═══ Provided data

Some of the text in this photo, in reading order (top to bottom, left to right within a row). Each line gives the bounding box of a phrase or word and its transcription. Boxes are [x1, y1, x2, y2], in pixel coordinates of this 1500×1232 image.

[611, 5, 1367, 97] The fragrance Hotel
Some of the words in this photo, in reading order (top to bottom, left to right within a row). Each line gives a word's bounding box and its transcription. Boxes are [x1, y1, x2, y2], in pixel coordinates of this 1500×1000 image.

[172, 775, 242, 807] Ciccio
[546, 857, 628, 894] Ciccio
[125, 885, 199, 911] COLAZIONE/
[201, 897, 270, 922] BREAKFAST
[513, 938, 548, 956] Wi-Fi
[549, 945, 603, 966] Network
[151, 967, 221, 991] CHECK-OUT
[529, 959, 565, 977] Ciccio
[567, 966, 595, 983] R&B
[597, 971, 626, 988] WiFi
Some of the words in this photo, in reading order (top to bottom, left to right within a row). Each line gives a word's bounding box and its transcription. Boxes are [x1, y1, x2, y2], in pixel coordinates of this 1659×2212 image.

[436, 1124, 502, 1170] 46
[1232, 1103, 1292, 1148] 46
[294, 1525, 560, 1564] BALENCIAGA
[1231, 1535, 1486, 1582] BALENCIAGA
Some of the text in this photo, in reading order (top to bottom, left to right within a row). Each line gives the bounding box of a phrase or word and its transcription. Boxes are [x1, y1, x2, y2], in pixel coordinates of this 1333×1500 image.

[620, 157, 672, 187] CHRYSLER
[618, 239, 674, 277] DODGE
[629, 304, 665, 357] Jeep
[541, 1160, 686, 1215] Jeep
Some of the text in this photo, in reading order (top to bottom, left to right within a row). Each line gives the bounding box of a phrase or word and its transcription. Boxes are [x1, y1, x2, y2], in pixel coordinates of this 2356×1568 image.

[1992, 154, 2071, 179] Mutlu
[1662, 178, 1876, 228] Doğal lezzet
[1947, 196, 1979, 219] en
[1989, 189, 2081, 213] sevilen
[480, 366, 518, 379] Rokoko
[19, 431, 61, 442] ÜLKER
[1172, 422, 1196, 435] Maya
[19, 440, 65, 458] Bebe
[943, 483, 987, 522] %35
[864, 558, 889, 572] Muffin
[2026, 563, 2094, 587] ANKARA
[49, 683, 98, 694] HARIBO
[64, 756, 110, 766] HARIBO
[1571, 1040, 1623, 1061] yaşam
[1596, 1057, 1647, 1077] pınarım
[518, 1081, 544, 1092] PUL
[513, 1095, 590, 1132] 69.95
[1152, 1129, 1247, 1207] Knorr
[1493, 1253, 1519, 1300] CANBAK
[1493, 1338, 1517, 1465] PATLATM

══════

### Instructions to follow
Return all of the data exactly as it reads.

### Response area
Some of the text in this photo, in reading order (top to bottom, left to right within a row). Each line gives the bounding box of a phrase or word and its transcription. Boxes are [x1, y1, x2, y2], in pixel coordinates of this 1500×1232 image.

[611, 5, 1367, 97] The fragrance Hotel
Some of the words in this photo, in reading order (top to bottom, left to right within a row). Each line gives a word's bounding box and its transcription. Boxes are [x1, y1, x2, y2], in pixel coordinates of this 1500×1000 image.

[172, 775, 242, 807] Ciccio
[546, 857, 628, 894] Ciccio
[125, 885, 199, 911] COLAZIONE/
[201, 897, 270, 922] BREAKFAST
[513, 938, 548, 956] Wi-Fi
[549, 945, 603, 966] Network
[151, 967, 221, 991] CHECK-OUT
[529, 959, 565, 977] Ciccio
[567, 966, 595, 983] R&B
[597, 971, 626, 988] WiFi
Some of the words in this photo, in reading order (top to bottom, left to right within a row). Each line gives a word's bounding box and its transcription. Boxes are [x1, y1, x2, y2], in pixel coordinates of this 1659×2212 image.

[436, 1124, 502, 1170] 46
[1232, 1103, 1292, 1148] 46
[294, 1525, 560, 1564] BALENCIAGA
[1231, 1535, 1486, 1582] BALENCIAGA
Some of the text in this photo, in reading order (top to bottom, left to right within a row). Each line gives the bounding box of a phrase or word and its transcription. Boxes are [x1, y1, x2, y2], in pixel coordinates of this 1333×1500 image.

[620, 157, 672, 187] CHRYSLER
[618, 239, 674, 277] DODGE
[629, 304, 665, 357] Jeep
[541, 1160, 686, 1215] Jeep
Some of the text in this photo, in reading order (top to bottom, left to right within a row). Each line gives the bounding box of a phrase or word and its transcription. Boxes are [x1, y1, x2, y2], in pixel coordinates of this 2356×1568 image.

[1992, 154, 2071, 179] Mutlu
[1662, 178, 1876, 228] Doğal lezzet
[1947, 196, 1979, 219] en
[1989, 189, 2081, 213] sevilen
[480, 366, 518, 379] Rokoko
[19, 431, 61, 442] ÜLKER
[1172, 422, 1196, 435] Maya
[19, 440, 65, 458] Bebe
[943, 483, 987, 522] %35
[864, 558, 889, 572] Muffin
[2026, 563, 2094, 587] ANKARA
[49, 683, 98, 694] HARIBO
[64, 756, 110, 766] HARIBO
[1571, 1040, 1623, 1061] yaşam
[1596, 1057, 1647, 1077] pınarım
[518, 1081, 544, 1092] PUL
[513, 1095, 590, 1132] 69.95
[1152, 1129, 1247, 1207] Knorr
[1493, 1253, 1519, 1300] CANBAK
[1493, 1338, 1517, 1465] PATLATM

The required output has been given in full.